[[ Raw data open ]]

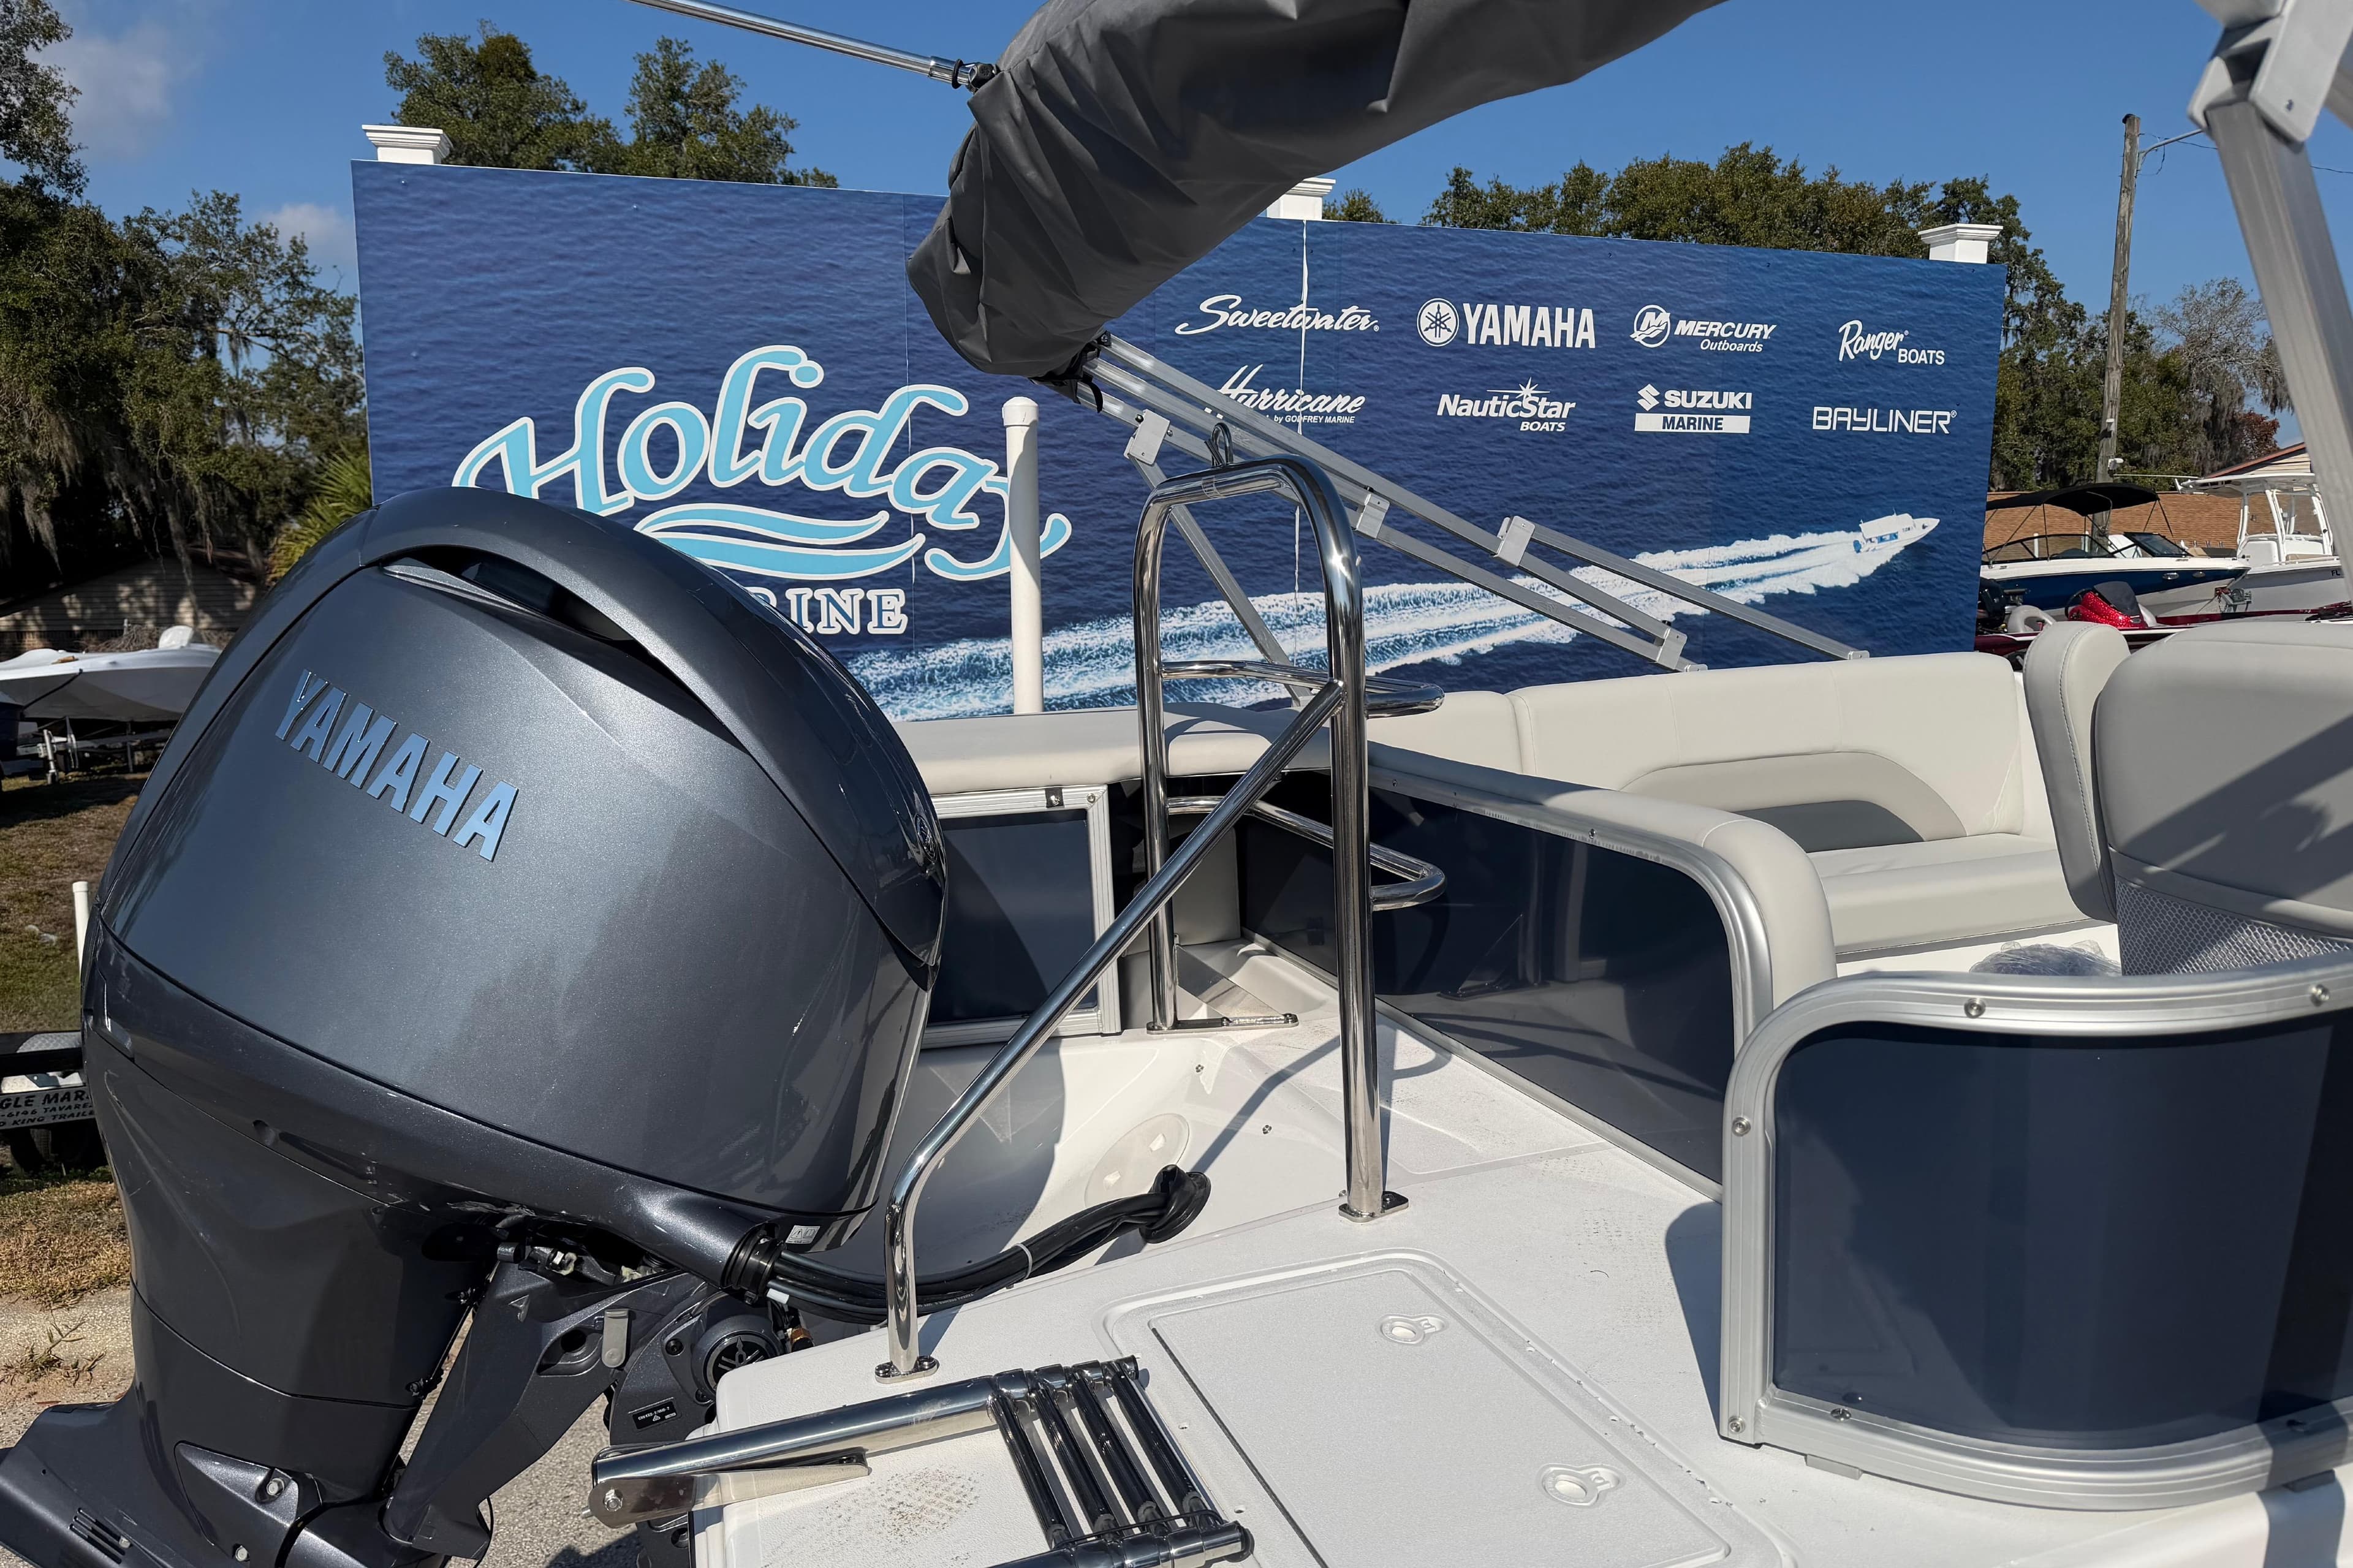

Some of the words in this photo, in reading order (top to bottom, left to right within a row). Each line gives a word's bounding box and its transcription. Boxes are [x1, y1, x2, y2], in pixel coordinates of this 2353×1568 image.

[1175, 295, 1378, 335] Sweetwater
[1463, 303, 1596, 348] YAMAHA
[1674, 320, 1776, 339] MERCURY
[1700, 338, 1763, 352] Outboards
[1838, 320, 1904, 362] Ranger
[1898, 348, 1945, 365] BOATS
[1204, 363, 1365, 420] Hurricane
[1664, 390, 1752, 409] SUZUKI
[1437, 394, 1576, 419] NauticStar
[1274, 415, 1283, 423] by
[1520, 421, 1566, 431] BOATS
[1662, 416, 1724, 430] MARINE
[1813, 406, 1950, 434] BAYLINER
[452, 344, 1072, 581] Holiday
[275, 668, 519, 863] YAMAHA
[42, 1090, 90, 1105] MAR
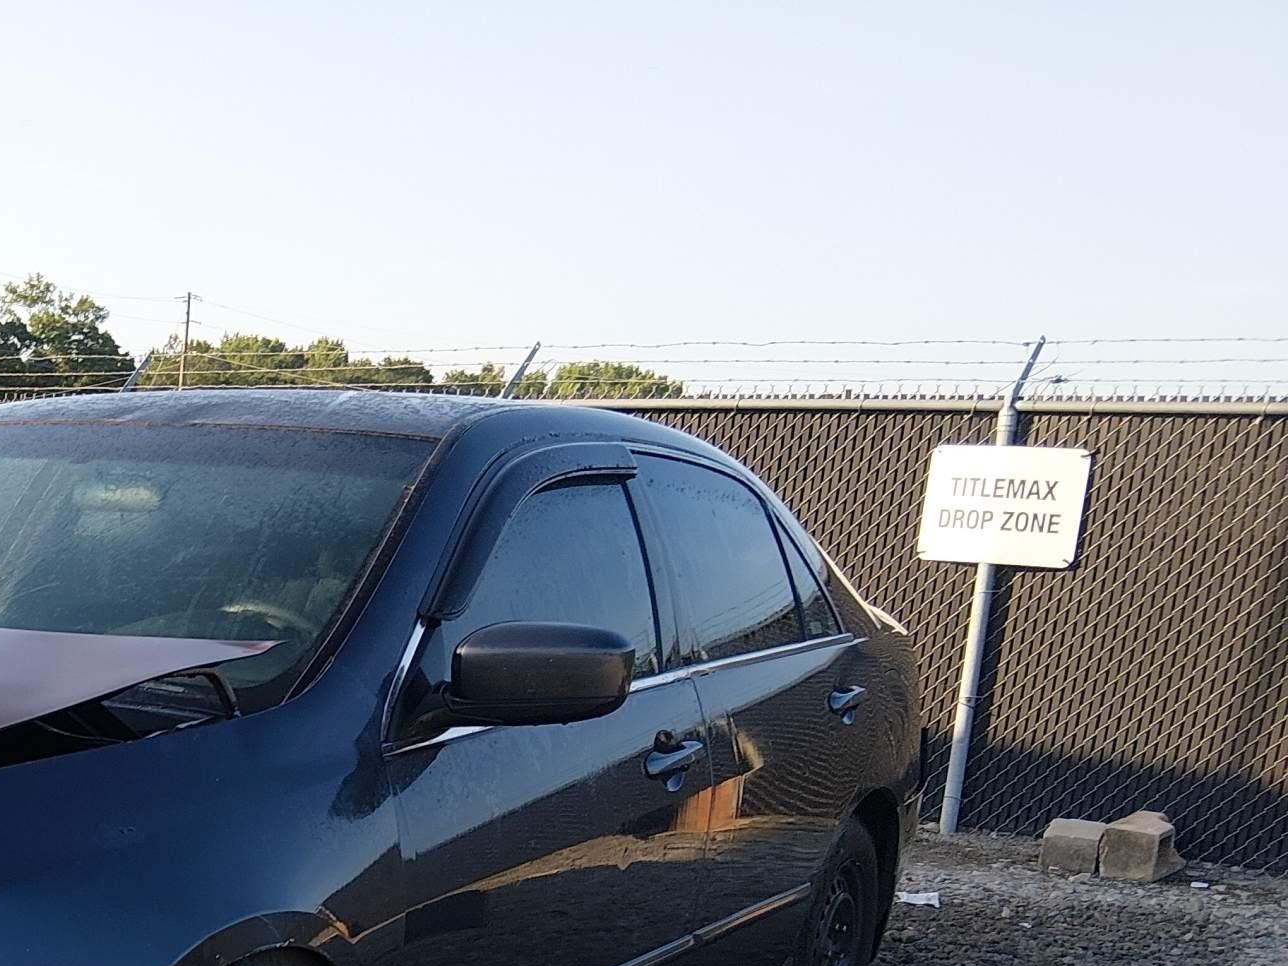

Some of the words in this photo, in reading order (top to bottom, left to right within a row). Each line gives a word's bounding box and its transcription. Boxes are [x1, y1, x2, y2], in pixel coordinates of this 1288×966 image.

[[ Raw data closed ]]

### Your objective
Omitting all pictures, copy the preceding entries without any alteration.

### Output of the exercise
Some of the words in this photo, in reading order (top to bottom, left to right within a row). Each line gives a word's bounding box and its transcription. Boxes are [x1, y1, x2, y2], in pixel coordinates of this 2353×1568 image.

[1175, 295, 1378, 335] Sweetwater
[1463, 303, 1596, 348] YAMAHA
[1674, 320, 1776, 339] MERCURY
[1700, 338, 1763, 352] Outboards
[1838, 320, 1904, 362] Ranger
[1898, 348, 1945, 365] BOATS
[1204, 363, 1365, 420] Hurricane
[1664, 390, 1752, 409] SUZUKI
[1437, 394, 1576, 419] NauticStar
[1274, 415, 1283, 423] by
[1520, 421, 1566, 431] BOATS
[1662, 416, 1724, 430] MARINE
[1813, 406, 1950, 434] BAYLINER
[452, 344, 1072, 581] Holiday
[275, 668, 519, 863] YAMAHA
[42, 1090, 90, 1105] MAR

Some of the words in this photo, in reading order (top to bottom, left to right within a row). Each line gives a word's bounding box and its transcription. Boxes are [x1, y1, x2, y2], in pixel coordinates of this 1288×966 image.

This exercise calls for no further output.